A sequence of 10,621 base-pairs from the alpha-like globin gene cluster of rabbit has been determined. It includes the sequence of gene zeta 1 (a pseudogene for the rabbit embryonic zeta-globin), the functional rabbit alpha-globin gene, and the theta 1 pseudogene, along with the sequences of eight C repeats (short interspersed repeats in rabbit) and a J sequence implicated in recombination. The region is quite G + C-rich (62%) and contains two CpG islands. As expected for a very G + C-rich region, it has an abundance of open reading frames, but few of the long open reading frames are associated with the coding regions of genes. Alignments between the sequences of the rabbit and human alpha-like globin gene clusters reveal matches primarily in the immediate vicinity of genes and CpG islands, while the intergenic regions of these gene clusters have many fewer matches than are seen between the beta-like globin gene clusters of these two species. Furthermore, the non-coding sequences in this portion of the rabbit alpha-like globin gene cluster are shorter than in human, indicating a strong tendency either for sequence contraction in the rabbit gene cluster or for expansion in the human gene cluster. Thus, the intergenic regions of the alpha-like globin gene clusters have evolved in a relatively fast mode since the mammalian radiation, but not exclusively by nucleotide substitution. Despite this rapid mode of evolution, some strong matches are found 5' to the start sites of the human and rabbit alpha genes, perhaps indicating conservation of a regulatory element. The rabbit J sequence is over 1000 base-pairs long; it contains a C repeat at its 5' end and an internal region of homology to the 3'-untranslated region of the alpha-globin gene. Part of the rabbit J sequence matches with sequences within the X homology block in human. Both of these regions have been implicated as hot-spots for recombination, hence the matching sequences are good candidates for such a function. All the interspersed repeats within both gene clusters are retroposon SINEs that appear to have inserted independently in the rabbit and human lineages.

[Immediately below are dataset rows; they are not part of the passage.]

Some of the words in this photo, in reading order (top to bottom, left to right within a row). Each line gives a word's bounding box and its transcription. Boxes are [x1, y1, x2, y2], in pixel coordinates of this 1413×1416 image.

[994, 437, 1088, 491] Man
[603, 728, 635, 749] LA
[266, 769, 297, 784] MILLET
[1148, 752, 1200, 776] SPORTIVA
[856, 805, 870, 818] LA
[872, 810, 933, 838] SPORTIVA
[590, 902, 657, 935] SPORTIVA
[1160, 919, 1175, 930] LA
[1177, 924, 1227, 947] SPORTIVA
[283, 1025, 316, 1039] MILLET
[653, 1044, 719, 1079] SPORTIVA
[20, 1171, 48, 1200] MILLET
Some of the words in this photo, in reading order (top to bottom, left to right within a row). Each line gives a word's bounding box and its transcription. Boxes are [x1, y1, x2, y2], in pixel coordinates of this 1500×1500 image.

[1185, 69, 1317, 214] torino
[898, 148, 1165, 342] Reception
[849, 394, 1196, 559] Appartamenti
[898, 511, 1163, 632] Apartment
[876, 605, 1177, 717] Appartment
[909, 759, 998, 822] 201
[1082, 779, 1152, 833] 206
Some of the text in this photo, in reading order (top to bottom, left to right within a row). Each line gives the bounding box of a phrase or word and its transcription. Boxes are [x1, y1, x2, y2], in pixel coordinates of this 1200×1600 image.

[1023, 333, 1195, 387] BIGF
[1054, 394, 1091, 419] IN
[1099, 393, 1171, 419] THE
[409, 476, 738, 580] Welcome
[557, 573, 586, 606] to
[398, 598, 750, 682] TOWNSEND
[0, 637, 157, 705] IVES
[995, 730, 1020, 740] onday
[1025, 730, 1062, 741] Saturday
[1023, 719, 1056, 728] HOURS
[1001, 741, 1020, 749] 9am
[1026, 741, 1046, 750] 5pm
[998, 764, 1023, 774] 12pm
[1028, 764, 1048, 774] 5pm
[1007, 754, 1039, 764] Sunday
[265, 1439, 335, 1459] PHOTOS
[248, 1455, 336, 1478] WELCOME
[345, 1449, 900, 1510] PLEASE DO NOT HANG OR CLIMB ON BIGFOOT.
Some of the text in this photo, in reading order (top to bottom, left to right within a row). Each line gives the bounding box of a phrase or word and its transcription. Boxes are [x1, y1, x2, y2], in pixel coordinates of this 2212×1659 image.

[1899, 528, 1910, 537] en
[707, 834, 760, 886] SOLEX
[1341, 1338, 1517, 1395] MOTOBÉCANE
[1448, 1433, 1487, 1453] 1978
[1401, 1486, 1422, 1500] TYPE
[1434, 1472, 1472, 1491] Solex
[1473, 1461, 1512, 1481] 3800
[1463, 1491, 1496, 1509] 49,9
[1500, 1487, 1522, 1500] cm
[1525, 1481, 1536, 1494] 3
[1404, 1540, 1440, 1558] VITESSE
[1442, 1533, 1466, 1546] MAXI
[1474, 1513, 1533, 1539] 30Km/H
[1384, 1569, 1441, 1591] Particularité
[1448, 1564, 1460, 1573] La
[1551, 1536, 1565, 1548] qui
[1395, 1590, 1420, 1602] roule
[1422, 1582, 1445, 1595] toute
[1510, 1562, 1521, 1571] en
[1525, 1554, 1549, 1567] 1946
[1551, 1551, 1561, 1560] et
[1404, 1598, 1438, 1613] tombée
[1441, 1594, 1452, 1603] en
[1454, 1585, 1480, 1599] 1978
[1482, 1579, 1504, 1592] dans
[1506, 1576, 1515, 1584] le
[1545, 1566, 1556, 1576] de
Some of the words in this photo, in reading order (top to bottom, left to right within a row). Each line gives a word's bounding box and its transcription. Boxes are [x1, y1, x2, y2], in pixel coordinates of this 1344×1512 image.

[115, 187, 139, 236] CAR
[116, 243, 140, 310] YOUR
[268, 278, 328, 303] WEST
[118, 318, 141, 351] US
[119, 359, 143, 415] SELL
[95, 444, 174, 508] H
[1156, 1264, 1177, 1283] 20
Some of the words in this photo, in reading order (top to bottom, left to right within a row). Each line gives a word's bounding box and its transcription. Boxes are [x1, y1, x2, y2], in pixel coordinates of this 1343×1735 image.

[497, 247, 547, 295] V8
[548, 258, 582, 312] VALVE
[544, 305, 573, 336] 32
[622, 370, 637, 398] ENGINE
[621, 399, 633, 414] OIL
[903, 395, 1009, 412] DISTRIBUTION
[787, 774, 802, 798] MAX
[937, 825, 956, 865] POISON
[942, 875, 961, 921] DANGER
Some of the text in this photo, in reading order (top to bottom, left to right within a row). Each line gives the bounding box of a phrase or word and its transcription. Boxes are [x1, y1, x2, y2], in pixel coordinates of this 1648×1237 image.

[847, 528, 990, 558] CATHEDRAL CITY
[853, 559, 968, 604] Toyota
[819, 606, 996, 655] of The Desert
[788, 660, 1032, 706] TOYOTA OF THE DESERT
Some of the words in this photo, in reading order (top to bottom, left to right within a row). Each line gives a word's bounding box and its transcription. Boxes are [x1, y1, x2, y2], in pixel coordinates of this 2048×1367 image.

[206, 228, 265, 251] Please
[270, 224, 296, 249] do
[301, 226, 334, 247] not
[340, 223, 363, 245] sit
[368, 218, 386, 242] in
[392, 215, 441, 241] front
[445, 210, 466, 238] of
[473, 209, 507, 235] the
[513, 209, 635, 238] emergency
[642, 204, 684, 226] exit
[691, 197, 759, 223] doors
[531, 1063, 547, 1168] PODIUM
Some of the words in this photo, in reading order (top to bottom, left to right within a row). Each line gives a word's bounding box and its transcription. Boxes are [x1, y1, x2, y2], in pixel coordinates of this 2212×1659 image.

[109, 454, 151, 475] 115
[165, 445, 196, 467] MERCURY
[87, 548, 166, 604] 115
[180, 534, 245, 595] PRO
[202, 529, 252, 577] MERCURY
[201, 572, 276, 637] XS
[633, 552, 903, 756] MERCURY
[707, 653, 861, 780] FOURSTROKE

已确定了来自兔α-类珠蛋白基因簇的一段10621个碱基对的序列。它包括ζ1基因(兔胚胎ζ-珠蛋白的假基因)、功能性兔α-珠蛋白基因和θ1假基因的序列,以及八个C重复序列(兔中的短散在重复序列)和一个与重组有关的J序列。该区域富含G + C(62%),并包含两个CpG岛。正如富含G + C区域所预期的那样,它有大量的开放阅读框,但很少有长开放阅读框与基因的编码区域相关。兔和人α-类珠蛋白基因簇序列之间的比对显示,主要在基因和CpG岛的紧邻区域存在匹配,而这些基因簇的基因间区域的匹配比这两个物种的β-类珠蛋白基因簇之间的匹配要少得多。此外,兔α-类珠蛋白基因簇这一部分的非编码序列比人类的短,这表明兔基因簇中存在序列收缩的强烈趋势,或者人类基因簇中存在序列扩张的趋势。因此,自哺乳动物辐射以来,α-类珠蛋白基因簇的基因间区域以相对较快的模式进化,但并非仅通过核苷酸替换。尽管进化模式迅速,但在人和兔α基因起始位点的5'端发现了一些强匹配,这可能表明存在一个保守的调控元件。兔J序列长度超过1000个碱基对;它在其5'端包含一个C重复序列,并且有一个与α-珠蛋白基因3'-非翻译区同源的内部区域。兔J序列的一部分与人X同源框内的序列匹配。这两个区域都被认为是重组热点,因此匹配序列很可能具有这种功能。两个基因簇内的所有散在重复序列都是反转录转座子SINEs,它们似乎是在兔和人谱系中独立插入的。